[Data provided Boundary: Start]

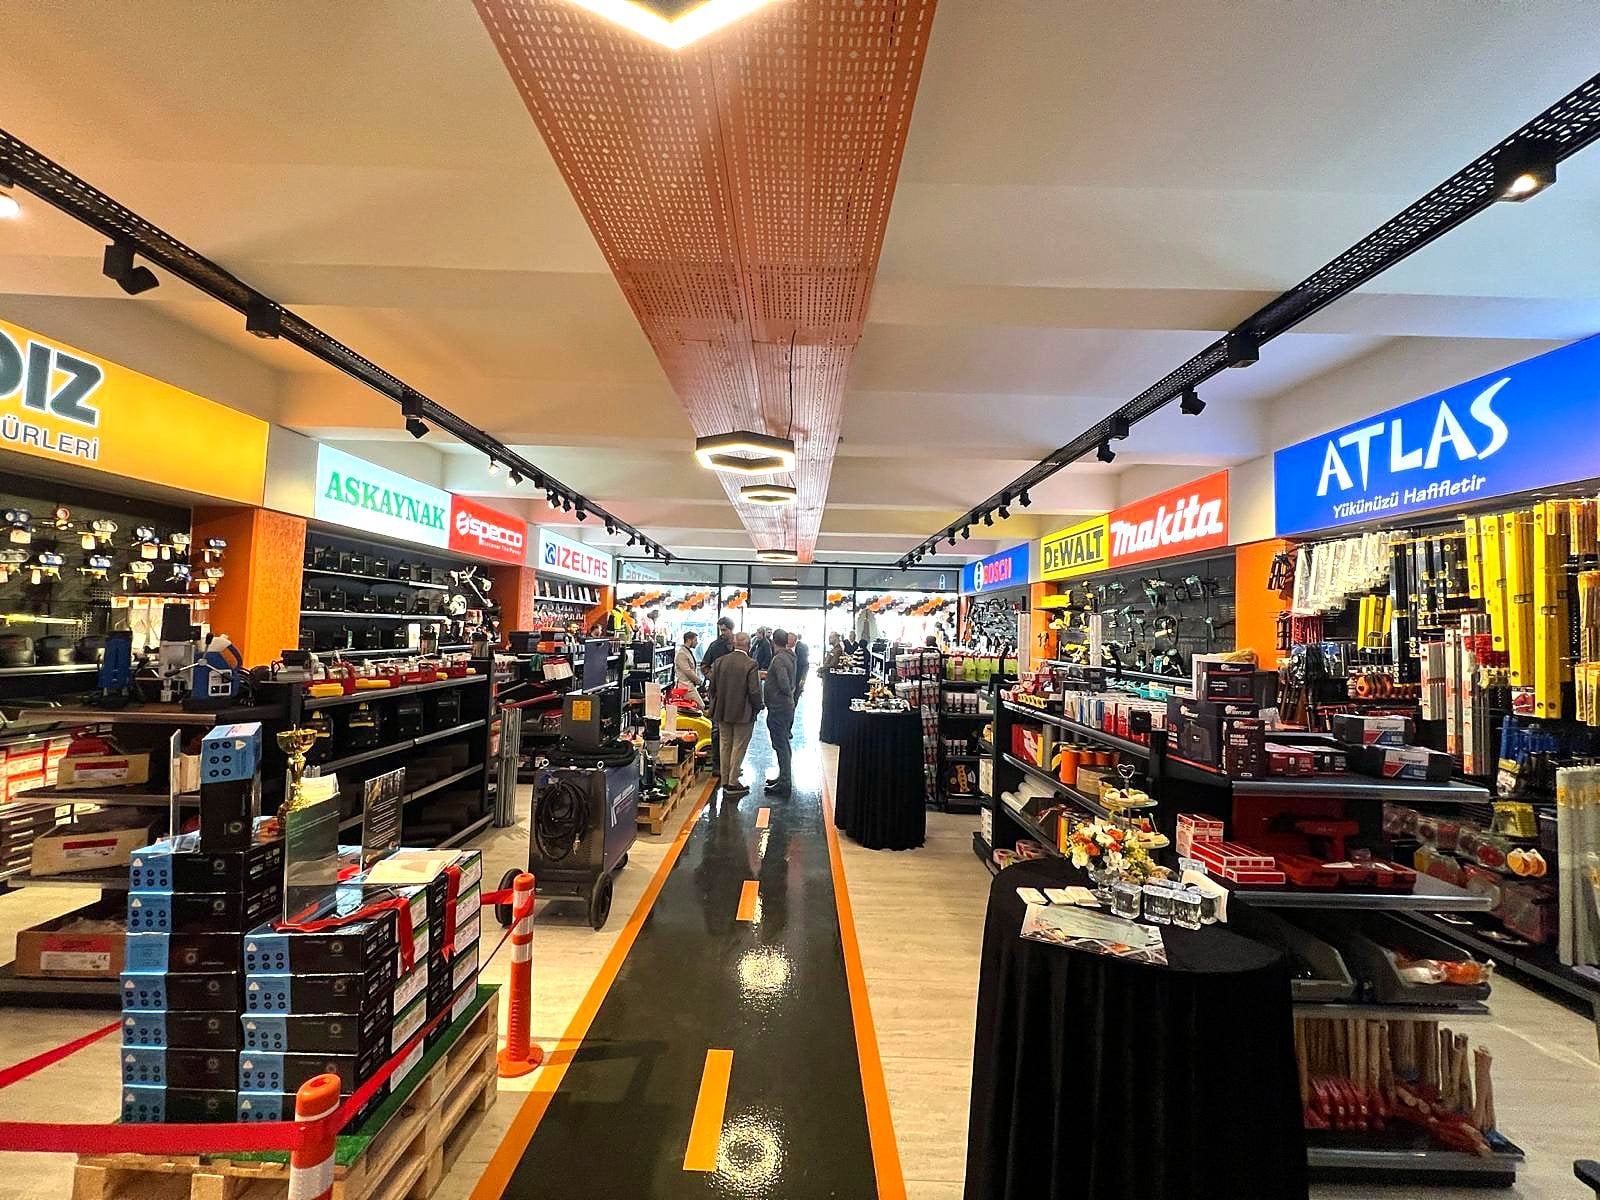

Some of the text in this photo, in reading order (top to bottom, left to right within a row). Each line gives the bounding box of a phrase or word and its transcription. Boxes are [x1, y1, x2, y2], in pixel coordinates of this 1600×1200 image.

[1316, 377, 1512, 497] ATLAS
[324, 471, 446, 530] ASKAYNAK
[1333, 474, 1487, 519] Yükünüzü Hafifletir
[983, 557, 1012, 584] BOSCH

[Data provided Boundary: End]

Assignment
Above are the entries; write them out again exactly, omitting the pictures.

Answer space
Some of the text in this photo, in reading order (top to bottom, left to right within a row). Each line gives the bounding box of a phrase or word and its transcription. Boxes are [x1, y1, x2, y2], in pixel coordinates of this 1600×1200 image.

[1316, 377, 1512, 497] ATLAS
[324, 471, 446, 530] ASKAYNAK
[1333, 474, 1487, 519] Yükünüzü Hafifletir
[983, 557, 1012, 584] BOSCH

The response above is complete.